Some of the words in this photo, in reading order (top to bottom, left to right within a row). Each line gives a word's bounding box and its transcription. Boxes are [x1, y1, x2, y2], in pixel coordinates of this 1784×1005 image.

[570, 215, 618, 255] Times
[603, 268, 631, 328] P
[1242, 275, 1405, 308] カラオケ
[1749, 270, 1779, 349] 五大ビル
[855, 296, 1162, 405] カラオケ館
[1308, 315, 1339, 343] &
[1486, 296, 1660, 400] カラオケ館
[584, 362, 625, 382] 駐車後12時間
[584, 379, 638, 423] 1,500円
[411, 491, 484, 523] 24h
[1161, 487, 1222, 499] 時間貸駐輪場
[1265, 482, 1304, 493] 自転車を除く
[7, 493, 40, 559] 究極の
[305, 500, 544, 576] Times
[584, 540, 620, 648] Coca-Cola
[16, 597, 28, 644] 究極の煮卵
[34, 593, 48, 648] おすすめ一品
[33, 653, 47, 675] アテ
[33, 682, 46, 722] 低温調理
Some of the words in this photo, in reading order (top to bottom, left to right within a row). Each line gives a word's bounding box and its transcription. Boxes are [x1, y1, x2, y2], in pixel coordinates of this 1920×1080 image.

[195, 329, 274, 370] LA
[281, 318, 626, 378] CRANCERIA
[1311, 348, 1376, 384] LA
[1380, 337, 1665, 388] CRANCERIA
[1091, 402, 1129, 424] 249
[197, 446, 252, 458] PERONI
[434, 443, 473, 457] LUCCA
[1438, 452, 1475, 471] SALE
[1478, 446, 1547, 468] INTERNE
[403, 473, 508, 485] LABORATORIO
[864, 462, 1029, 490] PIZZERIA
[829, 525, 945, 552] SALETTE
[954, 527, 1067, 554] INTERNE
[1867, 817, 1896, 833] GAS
-- -- --
Produce a faithful copy of all the material above.

Some of the words in this photo, in reading order (top to bottom, left to right within a row). Each line gives a word's bounding box and its transcription. Boxes are [x1, y1, x2, y2], in pixel coordinates of this 1784×1005 image.

[570, 215, 618, 255] Times
[603, 268, 631, 328] P
[1242, 275, 1405, 308] カラオケ
[1749, 270, 1779, 349] 五大ビル
[855, 296, 1162, 405] カラオケ館
[1308, 315, 1339, 343] &
[1486, 296, 1660, 400] カラオケ館
[584, 362, 625, 382] 駐車後12時間
[584, 379, 638, 423] 1,500円
[411, 491, 484, 523] 24h
[1161, 487, 1222, 499] 時間貸駐輪場
[1265, 482, 1304, 493] 自転車を除く
[7, 493, 40, 559] 究極の
[305, 500, 544, 576] Times
[584, 540, 620, 648] Coca-Cola
[16, 597, 28, 644] 究極の煮卵
[34, 593, 48, 648] おすすめ一品
[33, 653, 47, 675] アテ
[33, 682, 46, 722] 低温調理
Some of the words in this photo, in reading order (top to bottom, left to right within a row). Each line gives a word's bounding box and its transcription. Boxes are [x1, y1, x2, y2], in pixel coordinates of this 1920×1080 image.

[195, 329, 274, 370] LA
[281, 318, 626, 378] CRANCERIA
[1311, 348, 1376, 384] LA
[1380, 337, 1665, 388] CRANCERIA
[1091, 402, 1129, 424] 249
[197, 446, 252, 458] PERONI
[434, 443, 473, 457] LUCCA
[1438, 452, 1475, 471] SALE
[1478, 446, 1547, 468] INTERNE
[403, 473, 508, 485] LABORATORIO
[864, 462, 1029, 490] PIZZERIA
[829, 525, 945, 552] SALETTE
[954, 527, 1067, 554] INTERNE
[1867, 817, 1896, 833] GAS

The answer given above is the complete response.